Fitting equilibrium dynamical models to observational data is an essential step in understanding the structure of the gaseous hot haloes that surround our own and other galaxies. However, the two main categories of models that are used in the literature are poorly suited for this task: (i) simple barotropic models are analytic and can therefore be adjusted to match the observations, but are clearly unrealistic because the rotational velocity $v_\phi(R,z)$ does not depend on the distance $z$ from the galactic plane, while (ii) models obtained as a result of cosmological galaxy formation simulations are more realistic, but are impractical to fit to observations due to high computational cost. Here we bridge this gap by presenting a general method to construct axisymmetric baroclinic equilibrium models of rotating galactic coronae in arbitrary external potentials.

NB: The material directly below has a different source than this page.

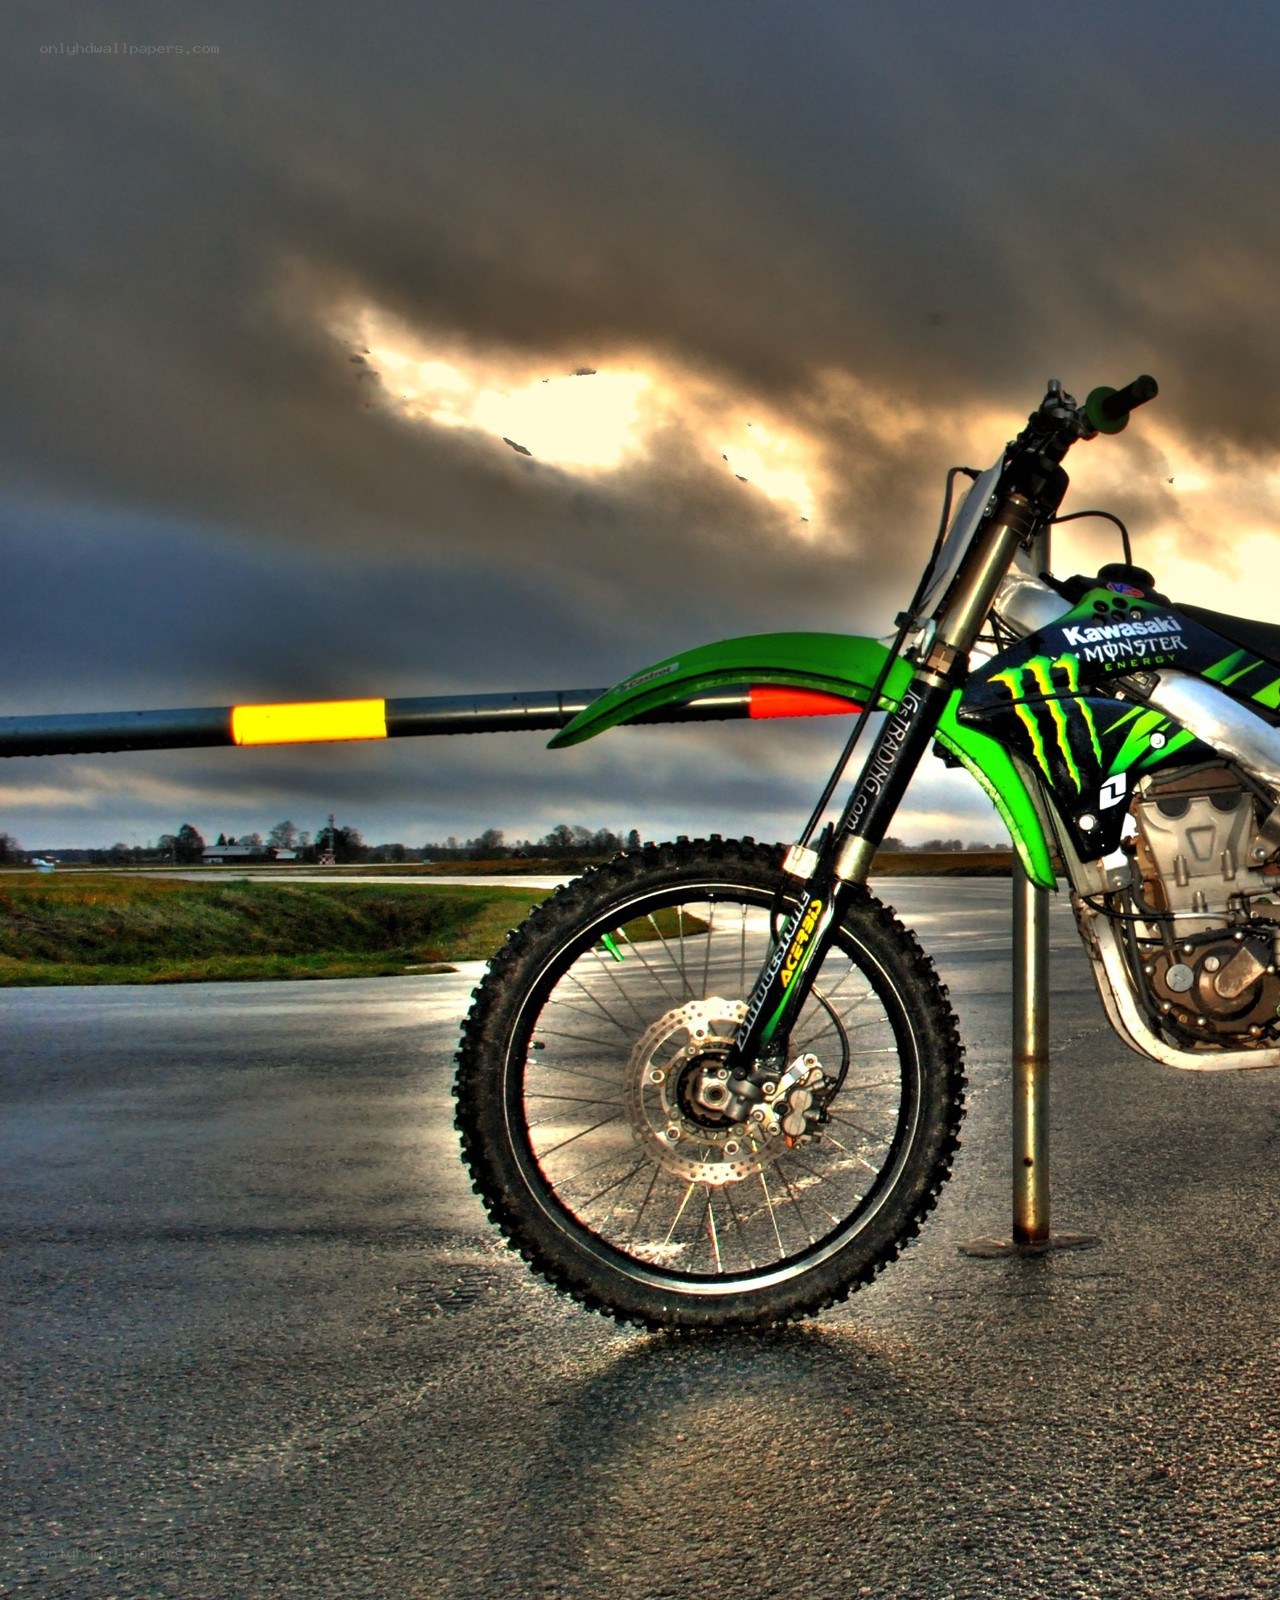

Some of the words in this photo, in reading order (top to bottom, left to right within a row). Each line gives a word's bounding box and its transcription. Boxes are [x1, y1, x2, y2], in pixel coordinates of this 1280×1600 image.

We consider in particular a family of models whose equipressure surfaces in the $(R,z)$ plane are ellipses of varying axis ratio. These models are defined by two one-dimensional functions, the axial ratio of pressure $q_{\rm axis}(z)$ and the value of the pressure $P_{\rm axis}(z)$ along the galaxy's symmetry axis. These models can have a rotation speed $v_\phi(R,z)$ that realistically decreases as one moves away from the galactic plane, and can reproduce the angular momentum distribution found in cosmological simulations. The models are computationally cheap to construct and can thus be used in fitting algorithms. We provide a python code that given $q_{\rm axis}(z)$, $P_{\rm axis}(z)$ and $\Phi(R,z)$ returns $\rho(R,z)$, $T(R,z)$, $P(R,z)$, $v_\phi(R,z)$. We show a few examples of these models using the Milky Way as a case study.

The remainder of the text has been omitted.